_Provided records_
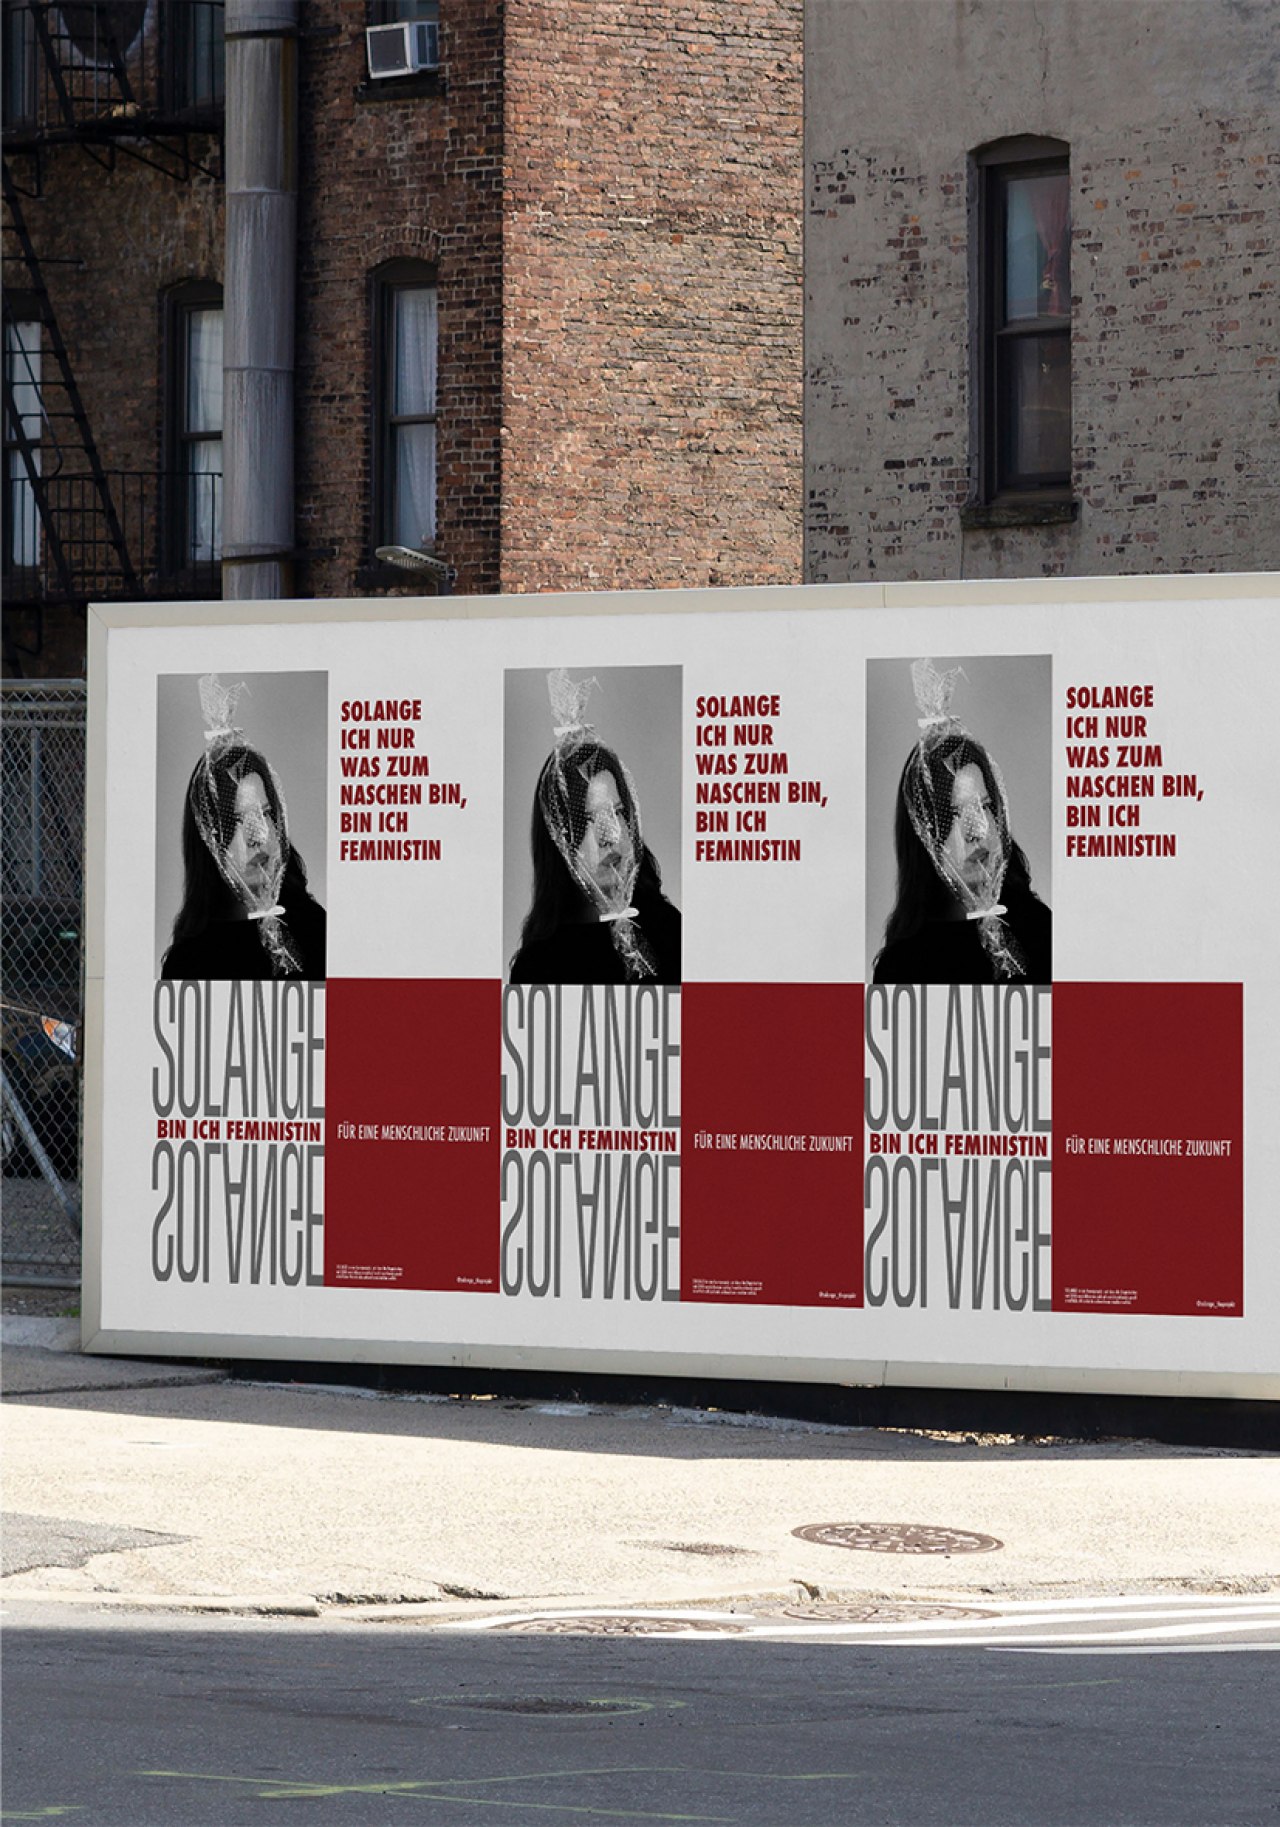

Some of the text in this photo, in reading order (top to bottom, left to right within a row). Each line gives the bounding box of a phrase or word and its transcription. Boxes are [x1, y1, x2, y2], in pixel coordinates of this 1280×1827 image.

[697, 696, 780, 718] SOLANGE
[1067, 686, 1153, 708] SOLANGE
[342, 700, 421, 721] SOLANGE
[697, 724, 773, 746] ICH NUR
[1067, 716, 1147, 738] ICH NUR
[342, 728, 415, 749] ICH NUR
[342, 756, 429, 777] WAS ZUM
[696, 753, 789, 775] WAS ZUM
[1066, 746, 1163, 768] WAS ZUM
[341, 784, 467, 808] NASCHEN BIN,
[697, 782, 827, 807] NASCHEN BIN,
[1067, 775, 1204, 800] NASCHEN BIN,
[341, 812, 408, 832] BIN ICH
[697, 811, 767, 832] BIN ICH
[1067, 805, 1140, 826] BIN ICH
[341, 840, 441, 861] FEMINISTIN
[696, 840, 801, 861] FEMINISTIN
[1067, 834, 1176, 856] FEMINISTIN
[153, 980, 325, 1120] SOLANGE
[501, 984, 681, 1129] SOLANGE
[864, 984, 1052, 1133] SOLANGE
[158, 1120, 321, 1142] BIN ICH FEMINISTIN
[338, 1121, 491, 1142] FÜR EINE MENSCHLICHE ZUKUNFT
[506, 1129, 677, 1151] BIN ICH FEMINISTIN
[694, 1130, 853, 1152] FÜR EINE MENSCHLICHE ZUKUNFT
[869, 1133, 1048, 1157] BIN ICH FEMINISTIN
[1065, 1134, 1232, 1157] FÜR EINE MENSCHLICHE ZUKUNFT
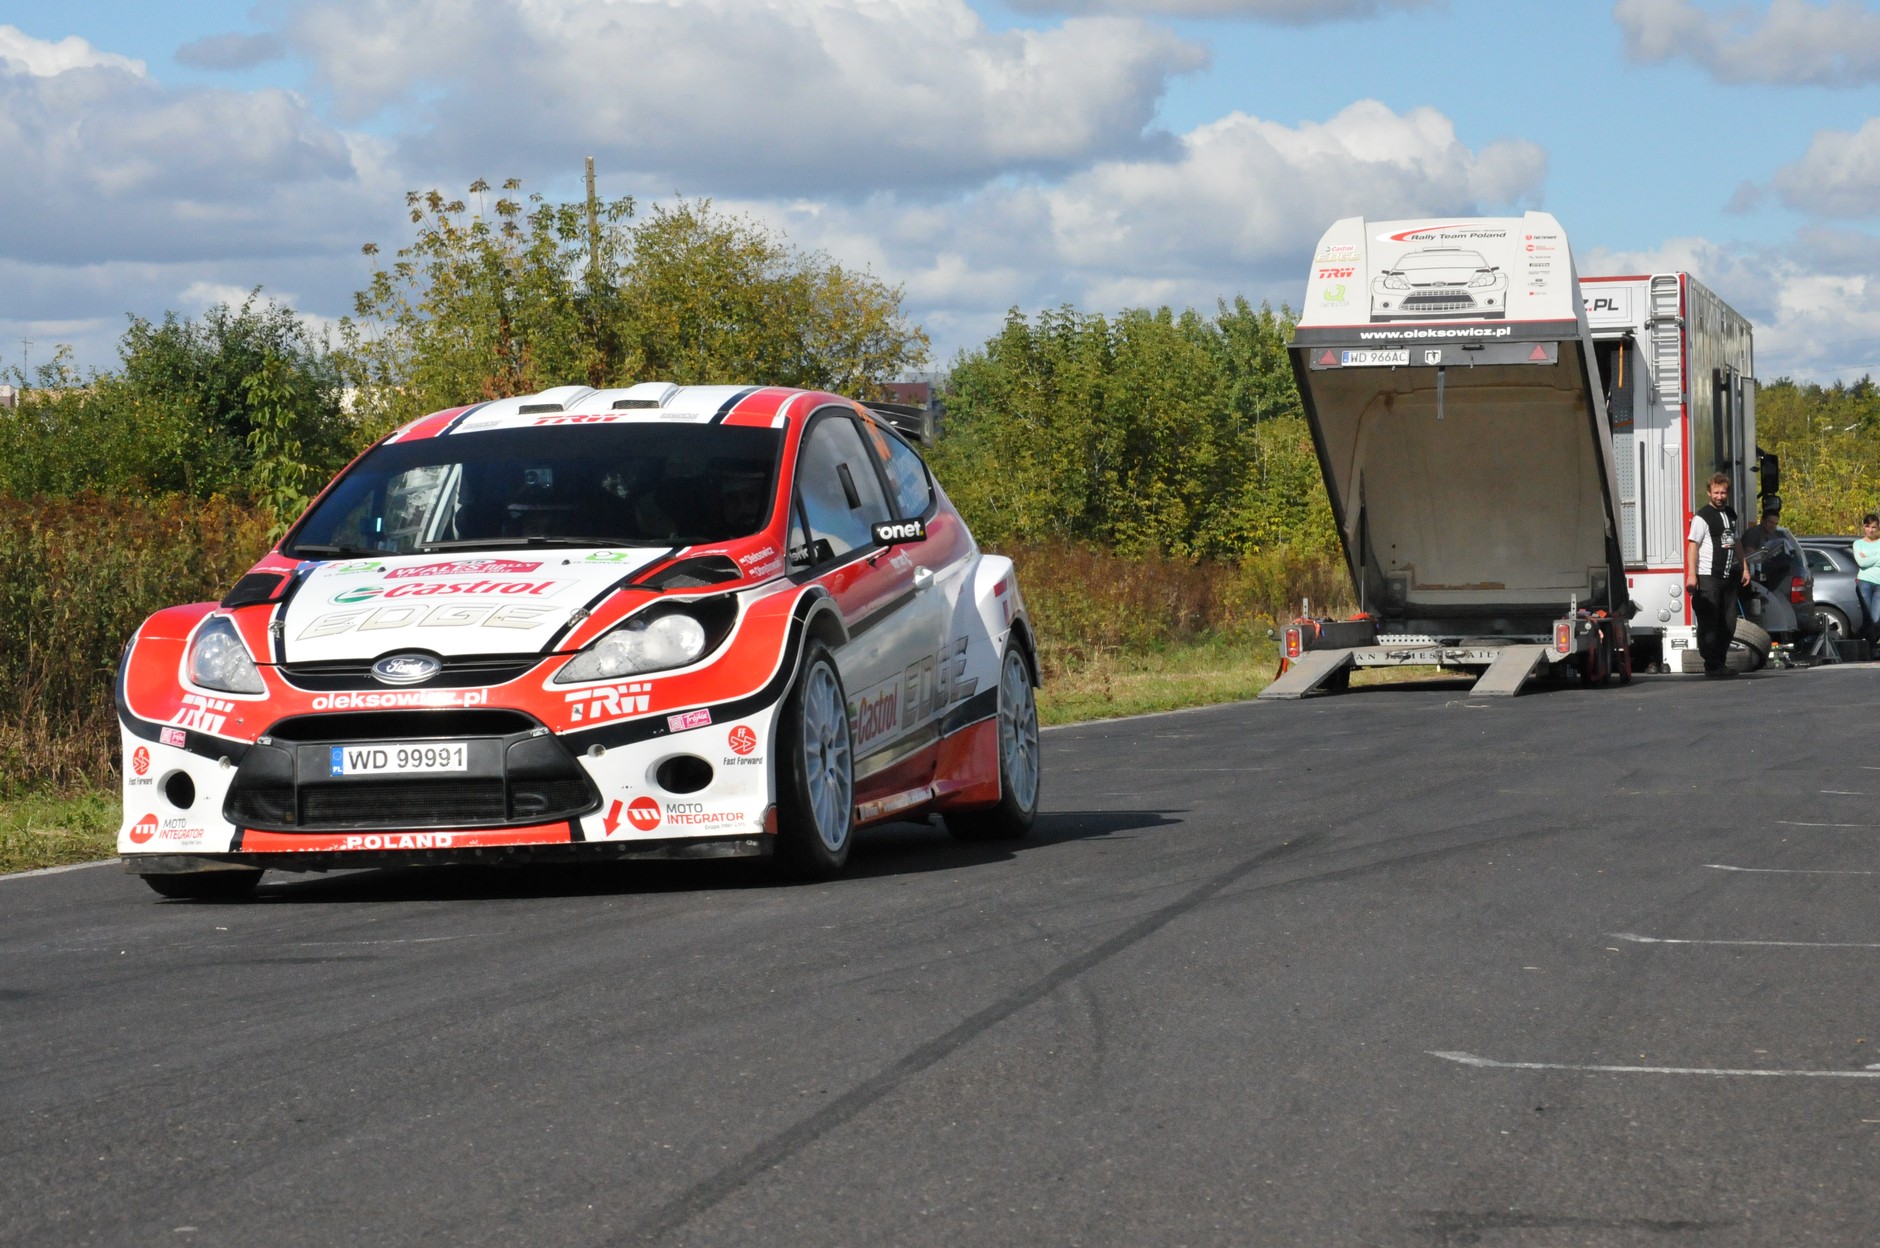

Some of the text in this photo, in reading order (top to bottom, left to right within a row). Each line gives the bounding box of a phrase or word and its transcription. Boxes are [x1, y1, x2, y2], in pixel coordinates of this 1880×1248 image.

[1319, 267, 1355, 279] TRW
[1360, 327, 1511, 339] www.oleksowicz.pl
[1351, 351, 1407, 362] WD 966AC
[533, 413, 629, 425] TRW
[384, 580, 556, 598] Castrol
[296, 603, 566, 641] EDGE
[386, 659, 424, 673] Ford
[902, 636, 978, 731] EDGE
[565, 682, 652, 722] TRW
[170, 694, 235, 734] TRW
[857, 682, 898, 746] Castrol
[348, 747, 463, 770] WD 99991
[723, 756, 763, 766] Fast Forward
[137, 777, 153, 785] Forward
[666, 803, 703, 814] MOTO
[163, 818, 187, 829] MOTO
[667, 812, 744, 825] INTEGRATOR
[159, 829, 204, 840] INTEGRATOR
[346, 834, 453, 849] POLAND

_What you are asked to do_
The response should hold only an exact repeat of the lines from the one with "this 1880×1248 image." to the final line of the listing above.

_Answer space_
Some of the text in this photo, in reading order (top to bottom, left to right within a row). Each line gives the bounding box of a phrase or word and its transcription. Boxes are [x1, y1, x2, y2], in pixel coordinates of this 1880×1248 image.

[1319, 267, 1355, 279] TRW
[1360, 327, 1511, 339] www.oleksowicz.pl
[1351, 351, 1407, 362] WD 966AC
[533, 413, 629, 425] TRW
[384, 580, 556, 598] Castrol
[296, 603, 566, 641] EDGE
[386, 659, 424, 673] Ford
[902, 636, 978, 731] EDGE
[565, 682, 652, 722] TRW
[170, 694, 235, 734] TRW
[857, 682, 898, 746] Castrol
[348, 747, 463, 770] WD 99991
[723, 756, 763, 766] Fast Forward
[137, 777, 153, 785] Forward
[666, 803, 703, 814] MOTO
[163, 818, 187, 829] MOTO
[667, 812, 744, 825] INTEGRATOR
[159, 829, 204, 840] INTEGRATOR
[346, 834, 453, 849] POLAND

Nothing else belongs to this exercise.